**Saved data entries**
◆ ◆ ◆ ◆

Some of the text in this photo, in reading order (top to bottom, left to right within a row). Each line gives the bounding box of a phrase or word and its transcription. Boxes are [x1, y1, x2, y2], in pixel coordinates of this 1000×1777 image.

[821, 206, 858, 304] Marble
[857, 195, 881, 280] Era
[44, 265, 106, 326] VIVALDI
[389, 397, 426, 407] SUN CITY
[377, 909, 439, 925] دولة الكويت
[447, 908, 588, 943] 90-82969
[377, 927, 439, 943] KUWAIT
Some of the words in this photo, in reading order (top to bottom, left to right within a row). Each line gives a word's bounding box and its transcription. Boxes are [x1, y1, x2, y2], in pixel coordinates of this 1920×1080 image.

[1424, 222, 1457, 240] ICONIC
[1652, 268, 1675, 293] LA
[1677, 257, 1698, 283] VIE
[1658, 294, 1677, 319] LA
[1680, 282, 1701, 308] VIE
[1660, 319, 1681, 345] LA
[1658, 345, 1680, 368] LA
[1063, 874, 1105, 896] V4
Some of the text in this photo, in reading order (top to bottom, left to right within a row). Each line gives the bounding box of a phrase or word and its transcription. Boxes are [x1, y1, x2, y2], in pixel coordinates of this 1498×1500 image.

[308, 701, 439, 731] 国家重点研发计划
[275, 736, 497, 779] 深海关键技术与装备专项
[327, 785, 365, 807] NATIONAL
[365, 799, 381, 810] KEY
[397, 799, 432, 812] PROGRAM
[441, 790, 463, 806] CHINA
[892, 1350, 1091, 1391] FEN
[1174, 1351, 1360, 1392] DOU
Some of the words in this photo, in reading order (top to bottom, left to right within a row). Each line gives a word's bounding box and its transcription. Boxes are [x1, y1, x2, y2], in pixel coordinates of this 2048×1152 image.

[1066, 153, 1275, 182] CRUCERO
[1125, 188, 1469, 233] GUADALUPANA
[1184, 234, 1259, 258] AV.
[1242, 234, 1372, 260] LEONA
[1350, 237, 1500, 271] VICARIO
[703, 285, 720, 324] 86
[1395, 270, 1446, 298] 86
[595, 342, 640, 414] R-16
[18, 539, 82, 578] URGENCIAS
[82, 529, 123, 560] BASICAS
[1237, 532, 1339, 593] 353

◆ ◆ ◆ ◆

Which lines run from the one containing "this 1498×1500 image." to the final line of the entries? Return those lines exactly, and only those.

**SOLUTION TO THIS TASK**
Some of the text in this photo, in reading order (top to bottom, left to right within a row). Each line gives the bounding box of a phrase or word and its transcription. Boxes are [x1, y1, x2, y2], in pixel coordinates of this 1498×1500 image.

[308, 701, 439, 731] 国家重点研发计划
[275, 736, 497, 779] 深海关键技术与装备专项
[327, 785, 365, 807] NATIONAL
[365, 799, 381, 810] KEY
[397, 799, 432, 812] PROGRAM
[441, 790, 463, 806] CHINA
[892, 1350, 1091, 1391] FEN
[1174, 1351, 1360, 1392] DOU
Some of the words in this photo, in reading order (top to bottom, left to right within a row). Each line gives a word's bounding box and its transcription. Boxes are [x1, y1, x2, y2], in pixel coordinates of this 2048×1152 image.

[1066, 153, 1275, 182] CRUCERO
[1125, 188, 1469, 233] GUADALUPANA
[1184, 234, 1259, 258] AV.
[1242, 234, 1372, 260] LEONA
[1350, 237, 1500, 271] VICARIO
[703, 285, 720, 324] 86
[1395, 270, 1446, 298] 86
[595, 342, 640, 414] R-16
[18, 539, 82, 578] URGENCIAS
[82, 529, 123, 560] BASICAS
[1237, 532, 1339, 593] 353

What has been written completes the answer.